Alerta de incêndio no Brás Garcia de Mascarenhas conduziu alunos para o exterior em três minutos

“Estou bastante orgulhoso pela escola que tenho. Para mim foi uma surpresa a capacidade de resposta de professores, funcionários e alunos”.

A afirmação foi proferida, ao final da manhã de hoje, pelo director do Agrupamento de Escolas Brás Garcia de Mascarenhas, Luís Ângelo, quando dava por concluído o simulacro de incêndio que teve lugar na sede daquele agrupamento.

O exercício que deu cumprimento ao disposto na legislação, foi o segundo realizado este ano, com a particularidade de ser organizado em total sigilo, com o objectivo de testar a capacidade de resposta, em face de um episódio de incêndio real.

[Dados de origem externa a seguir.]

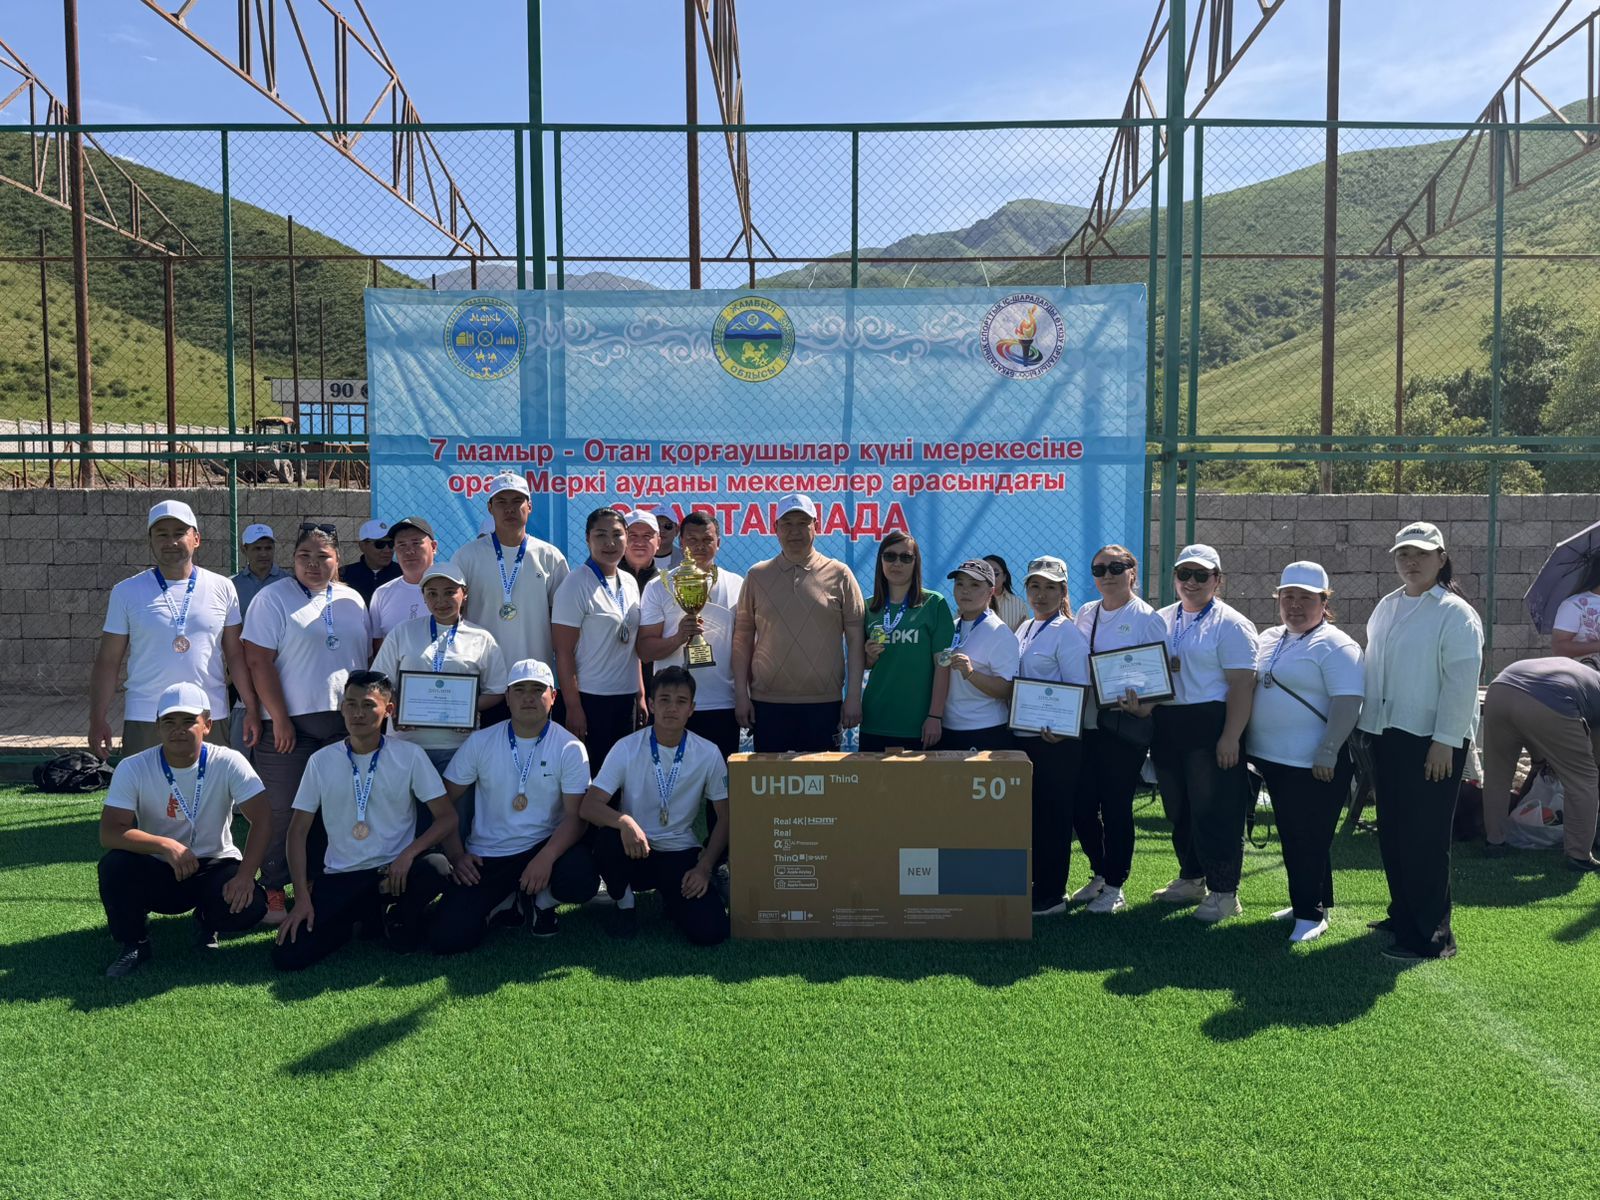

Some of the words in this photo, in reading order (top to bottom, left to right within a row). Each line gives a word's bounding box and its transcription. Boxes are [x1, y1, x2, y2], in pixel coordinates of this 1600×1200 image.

[729, 299, 777, 314] ЖАМБЫЛ
[730, 365, 777, 379] ОБЛЫСЫ
[330, 383, 354, 398] 90
[429, 438, 447, 461] 7
[457, 443, 554, 467] мамыр
[584, 439, 651, 462] Отан
[660, 439, 849, 468] қорғаушылар
[859, 438, 913, 466] күні
[922, 436, 1083, 464] мерекесіне
[525, 471, 606, 498] Меркі
[615, 474, 717, 499] ауданы
[727, 472, 882, 497] мекемелер
[891, 470, 1065, 496] арасындағы
[751, 775, 804, 795] UHD
[830, 774, 859, 784] ThinQ
[773, 817, 791, 825] Real
[792, 817, 804, 825] 4K
[773, 829, 792, 837] Real
[773, 854, 799, 862] ThinQ
[907, 867, 932, 876] NEW
[759, 911, 779, 919] FRONT

Depois de alertados pela direcção da escola, bombeiros e GNR acorreram ao local para tomarem conta da ocorrência, sendo que a evacuação dos alunos já tinha sido assegurada a nível interno.

“Foi um sucesso”, referiu Luís Ângelo a este diário digital, notando que o tempo de evacuação foi reduzido em um minuto e 23 segundos, comparativamente ao primeiro exercício realizado.

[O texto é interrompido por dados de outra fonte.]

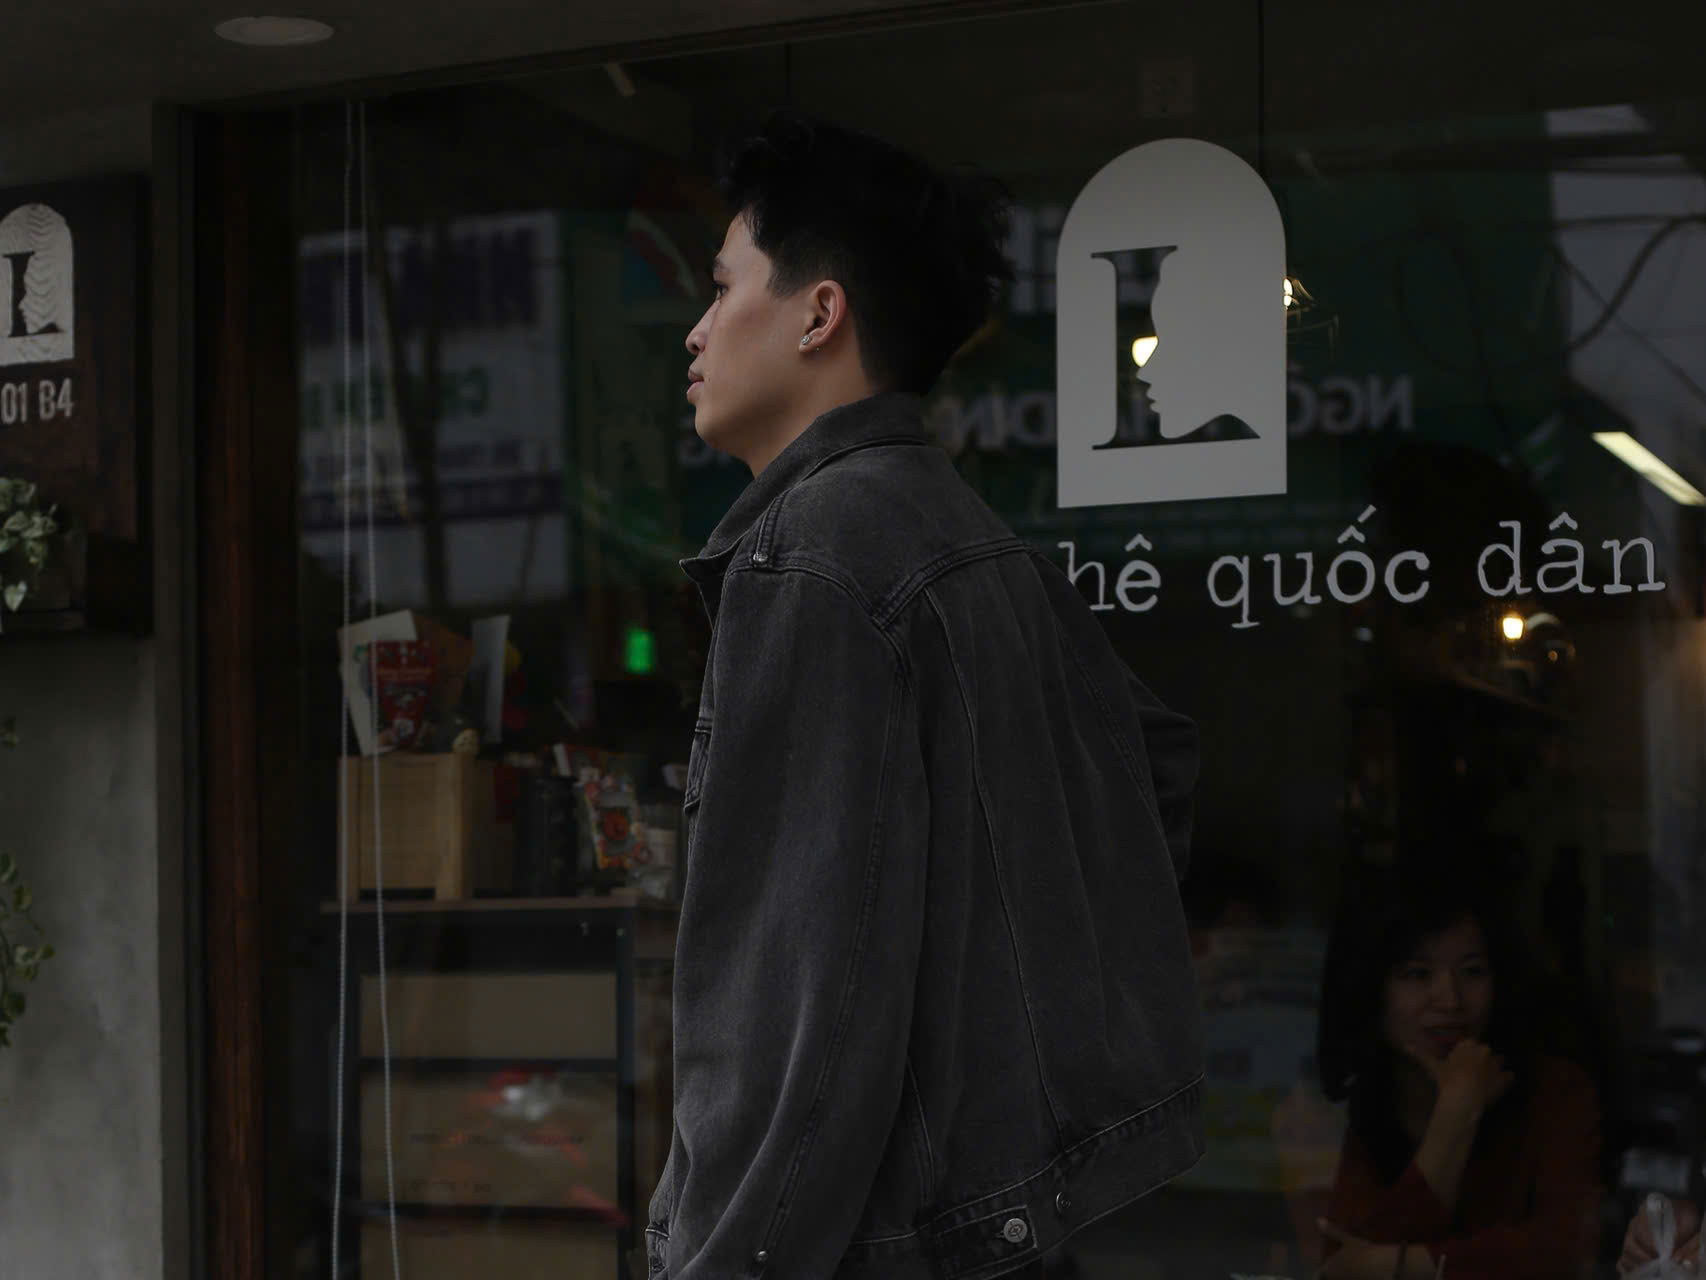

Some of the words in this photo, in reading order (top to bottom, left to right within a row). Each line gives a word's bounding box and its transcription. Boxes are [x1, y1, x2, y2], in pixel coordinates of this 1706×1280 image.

[1, 381, 28, 425] 01
[39, 376, 75, 421] B4
[1207, 504, 1430, 629] quốc
[1477, 512, 1666, 597] dân

“Evoluímos de quatro minutos e 23 segundos, para três minutos”, explicou o director da escola, elogiando todo o trabalho de formação que foi conduzido pelo coordenador de segurança, Jorge Fonseca.

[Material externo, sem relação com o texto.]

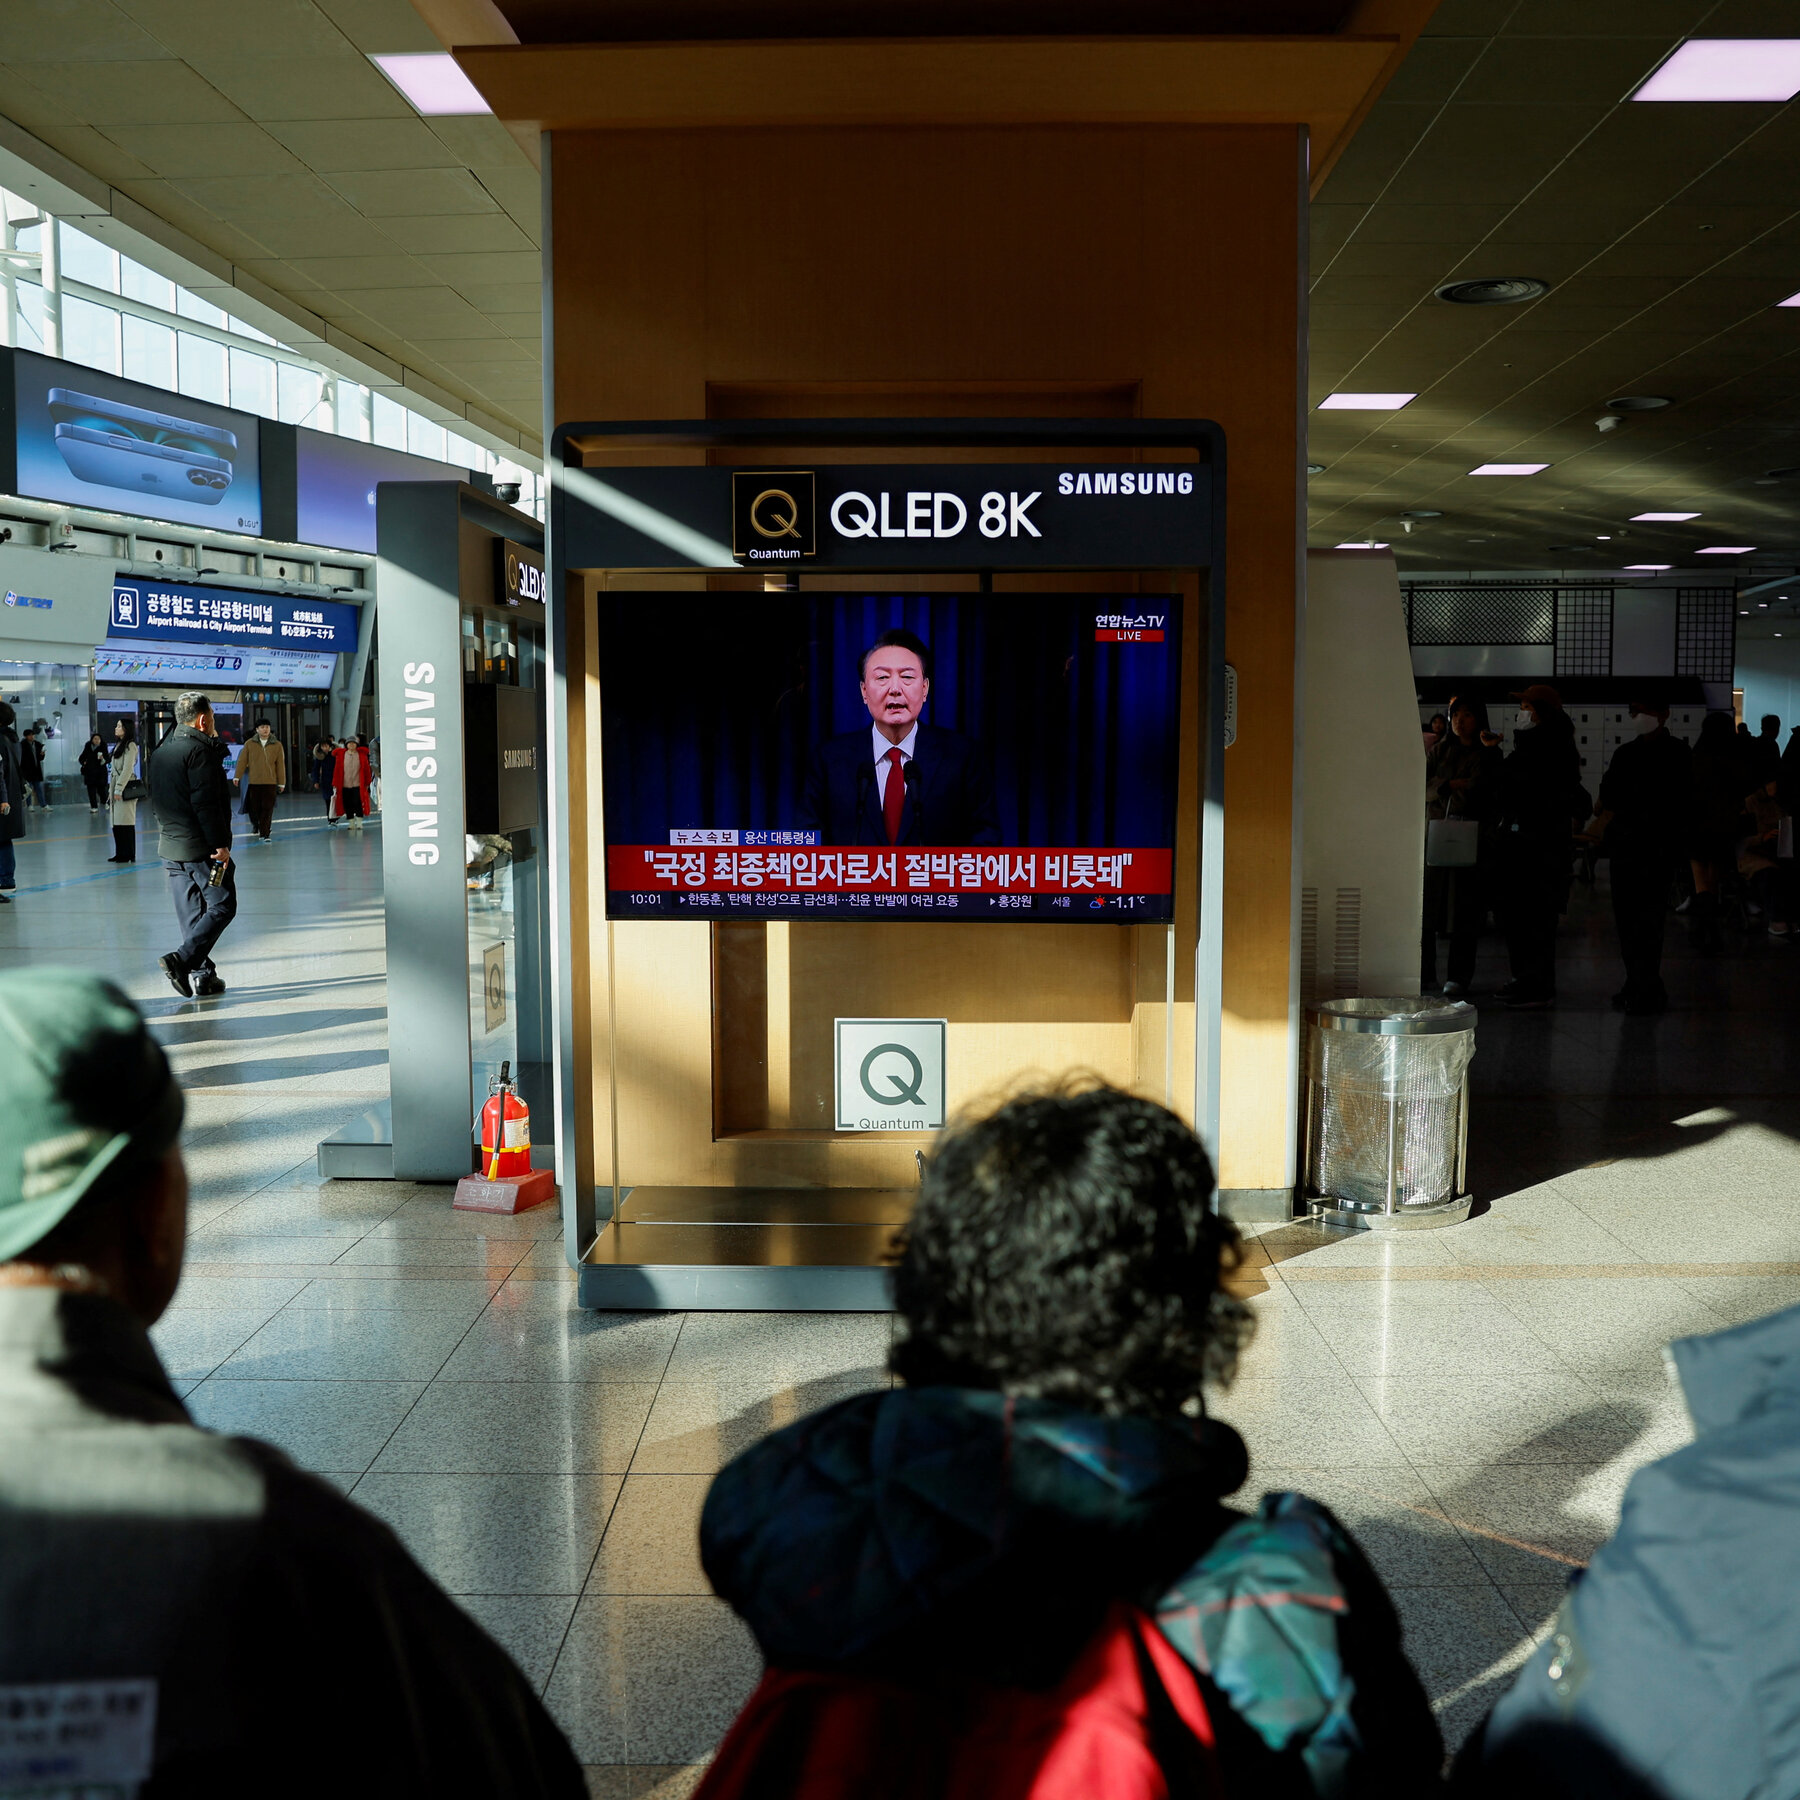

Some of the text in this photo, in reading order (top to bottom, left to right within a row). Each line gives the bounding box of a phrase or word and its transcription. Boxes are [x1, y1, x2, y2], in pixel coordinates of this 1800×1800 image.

[1058, 472, 1193, 495] SAMSUNG
[750, 489, 802, 538] Q
[830, 491, 1043, 538] QLED 8K
[749, 547, 800, 560] Quantum
[147, 593, 273, 623] 공항철도 도심공항터미널
[147, 615, 273, 635] Airport Railroad & City Airport Terminal
[1095, 614, 1165, 628] 연합뉴스TV
[1117, 631, 1141, 641] LIVE
[403, 662, 440, 866] SAMSUNG
[504, 749, 532, 769] SAMSUNG
[676, 831, 733, 844] 뉴스속보
[744, 831, 815, 845] 용산 대통령실
[644, 850, 1133, 889] "국정 최종책임자로서 절박함에서 비롯돼"
[630, 893, 661, 905] 10:01
[688, 893, 725, 907] 한동훈,
[727, 893, 751, 906] '탄핵
[755, 893, 801, 907] 찬성'으로
[874, 893, 908, 907] 반발에
[911, 894, 933, 908] 여권
[936, 894, 959, 908] 요동
[998, 894, 1032, 908] 홍장원
[1052, 896, 1071, 908] 서울
[859, 1043, 927, 1106] Q
[859, 1118, 924, 1130] Quantum

A “prontidão” de alunos, professores e funcionários foi também destacada pelo comandante dos Bombeiros Voluntários de Oliveira do Hospital que acorreu ao local, acompanhado por uma equipa de primeira intervenção, composta por cinco elementos, uma viatura de combate a incêndios urbanos e uma ambulância.

“Sem ninguém saber, acho que as coisas correram dentro do que é previsto”, observou Emídio Camacho, referindo que o plano de emergência da escola “foi eficaz na sua intervenção”.

A este diário digital, o comandante elogiou a forma como decorreu a evacuação, referindo que aquando da chegada dos bombeiros ao local, já os alunos se encontravam no ponto de encontro.

“É de realçar a postura dos alunos em cumprir o que está definido em plano de emergência e a forma como se comportaram até ao final do exercício”, sublinhou.

Relativamente aos meios que acorreram ao simulacro de incêndio, Emídio Camacho explicou que são suficientes para uma primeira intervenção.

“Se a situação evoluir, é claro que o toque da sirene dará o alerta e a resposta será adequada à progressão do incêndio”, explicou.

No final do exercício, professores, alunos e professores foram ainda desafiados a fazer uso do extintor.